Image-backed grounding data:
--

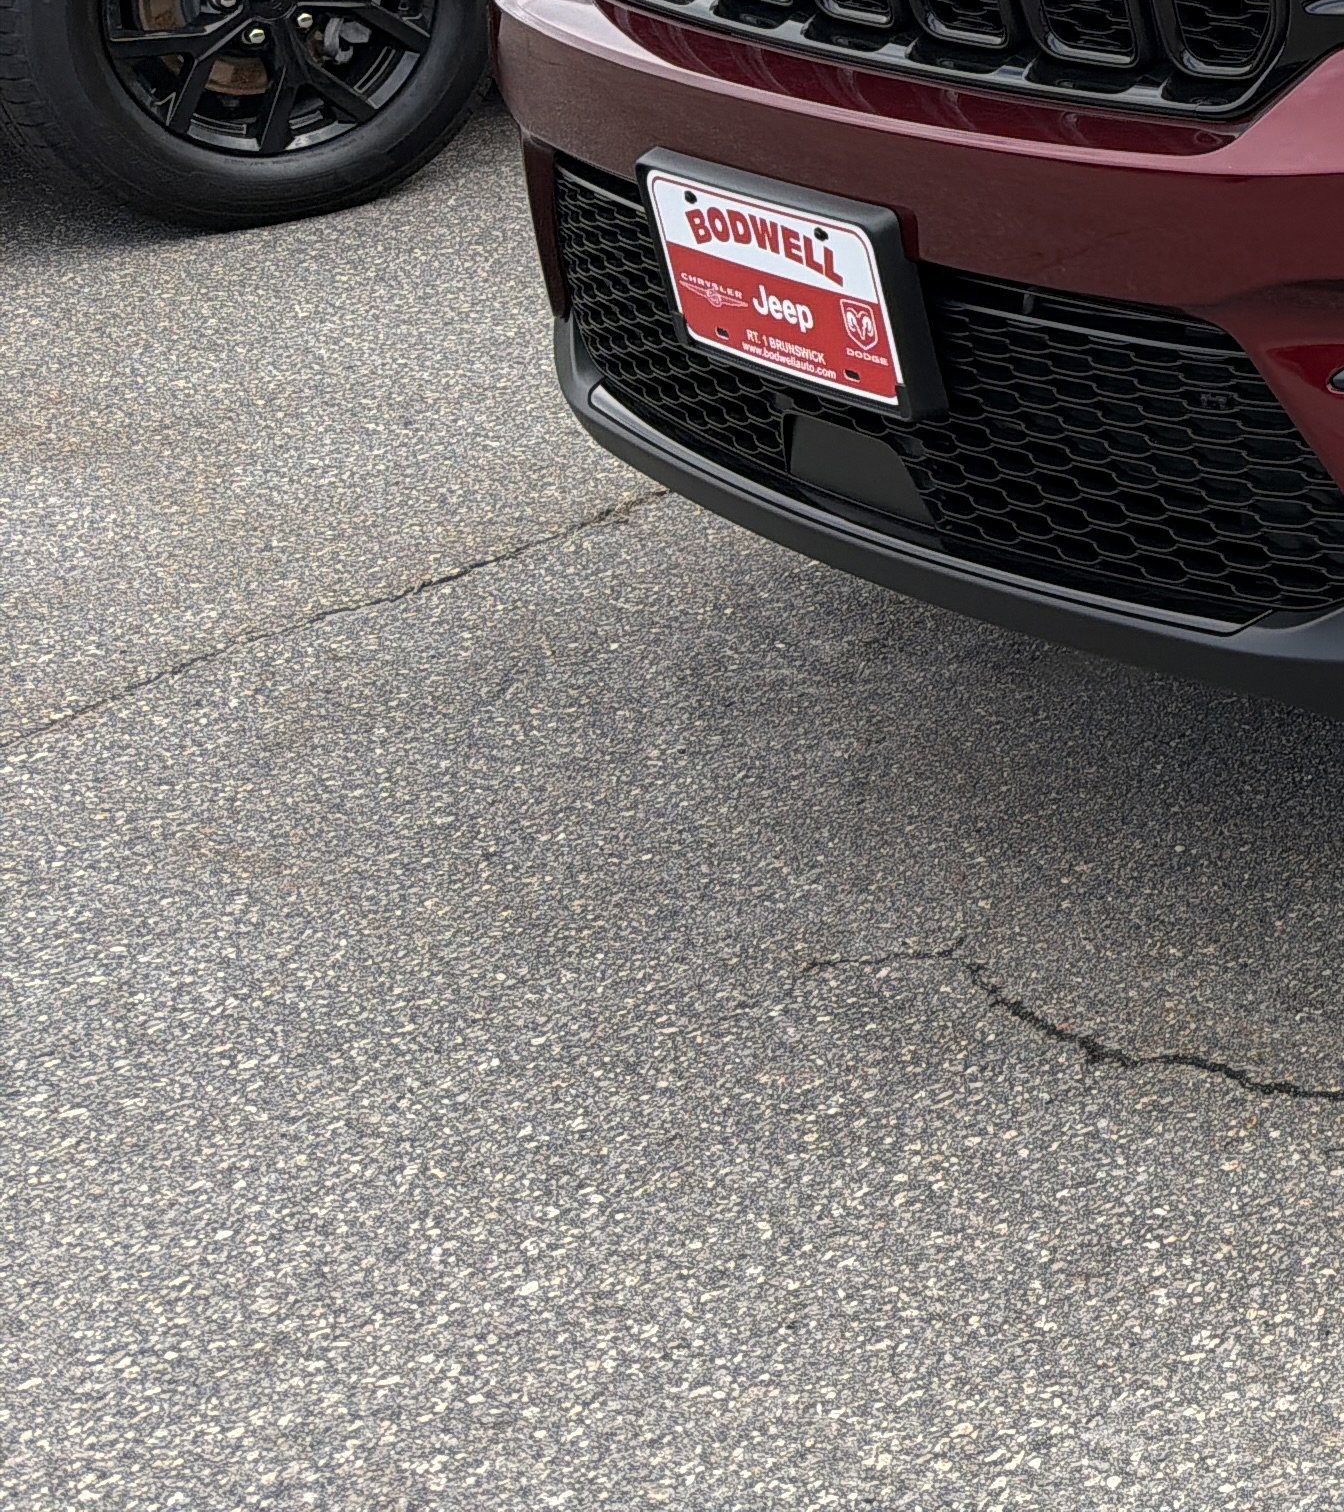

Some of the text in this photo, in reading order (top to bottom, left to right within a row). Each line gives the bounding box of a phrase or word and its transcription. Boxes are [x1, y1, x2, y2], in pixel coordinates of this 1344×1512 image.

[685, 207, 843, 287] BODWELL
[681, 272, 743, 300] CHRYSLER
[753, 285, 813, 333] Jeep
[746, 329, 761, 345] RT.
[762, 335, 768, 347] 1
[741, 342, 837, 381] www.bodwellauto.com
[846, 347, 889, 366] DODGE
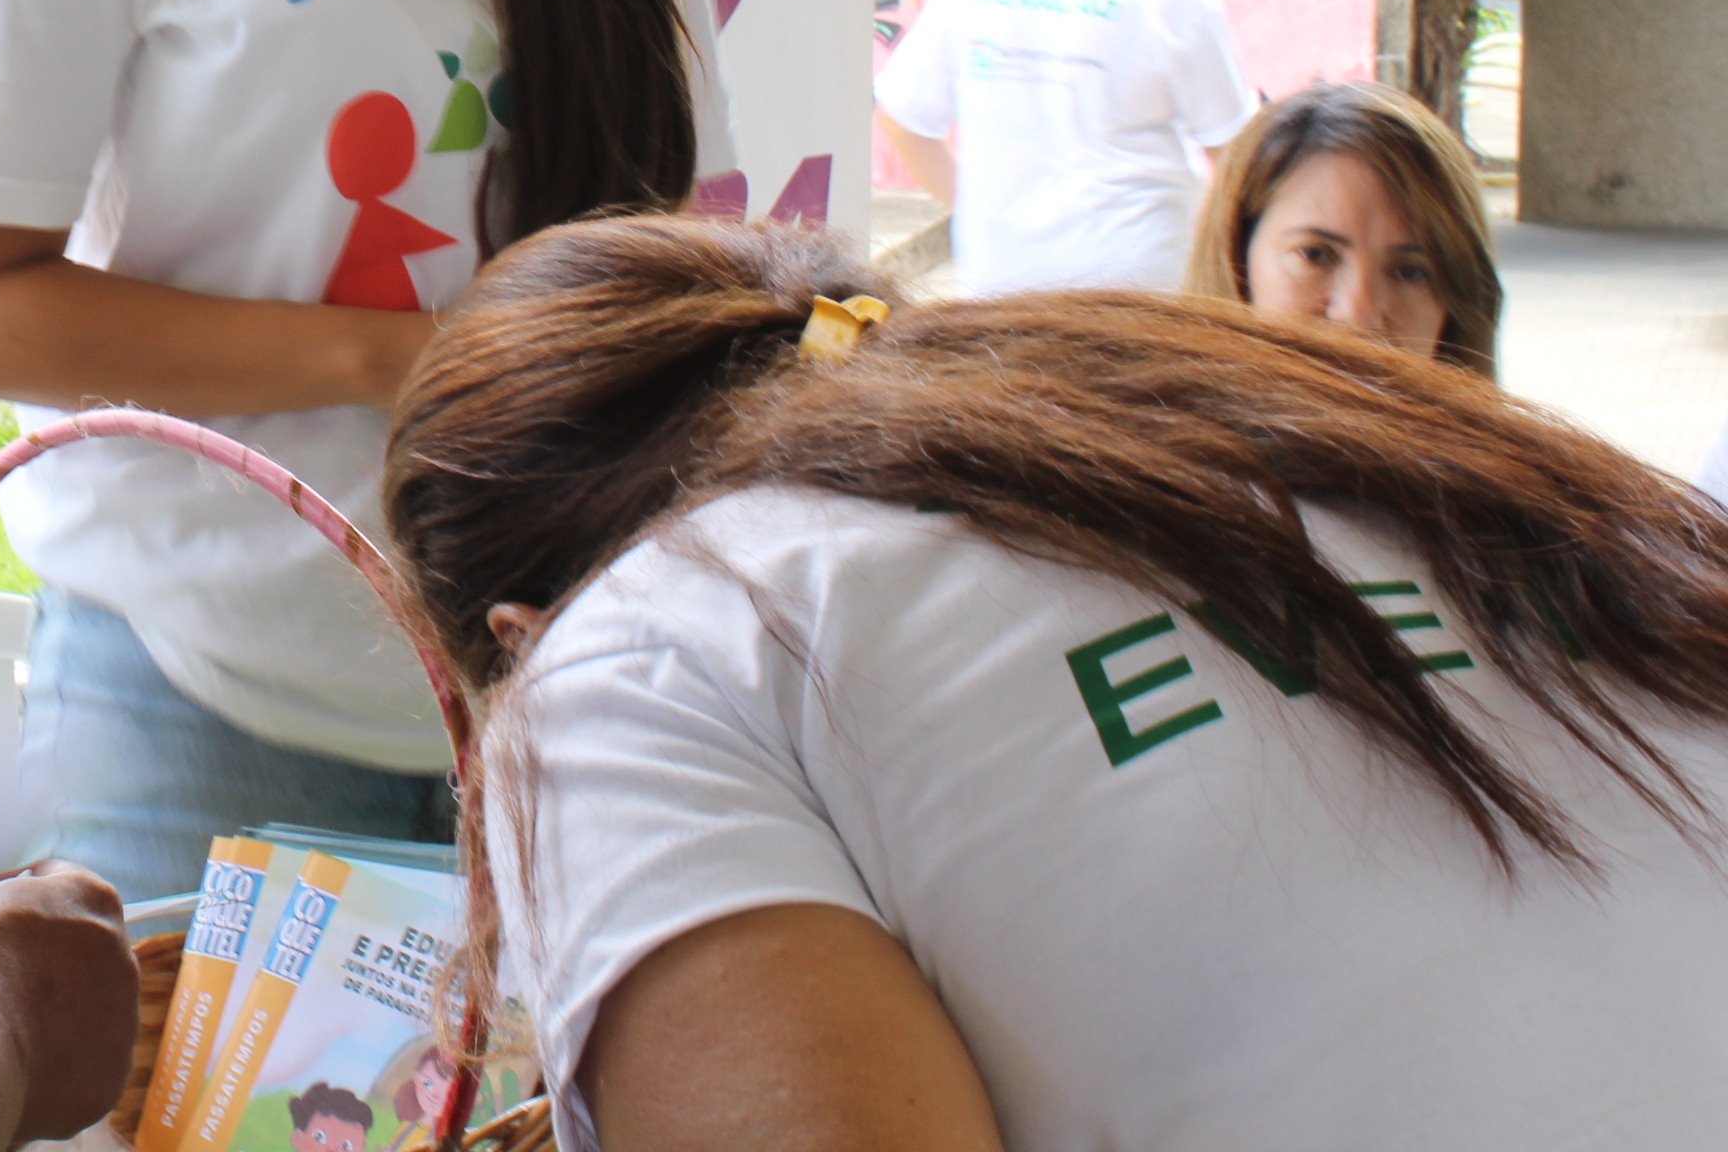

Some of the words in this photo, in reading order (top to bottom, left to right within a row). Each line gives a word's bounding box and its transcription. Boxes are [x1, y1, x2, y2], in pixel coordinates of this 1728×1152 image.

--

Restate the entries above word for word, keeping pictures out of the copy.

● **RESPONSE TO THE EXERCISE**:
Some of the text in this photo, in reading order (top to bottom, left to right within a row). Each line gives the bounding box of a phrase or word and its transcription. Boxes are [x1, y1, x2, y2], in pixel coordinates of this 1344×1512 image.

[685, 207, 843, 287] BODWELL
[681, 272, 743, 300] CHRYSLER
[753, 285, 813, 333] Jeep
[746, 329, 761, 345] RT.
[762, 335, 768, 347] 1
[741, 342, 837, 381] www.bodwellauto.com
[846, 347, 889, 366] DODGE

Some of the words in this photo, in reading order (top to bottom, left to right within a row). Each line gives a word's bounding box and its transcription. Boxes are [x1, y1, x2, y2], in pixel coordinates of this 1728×1152 image.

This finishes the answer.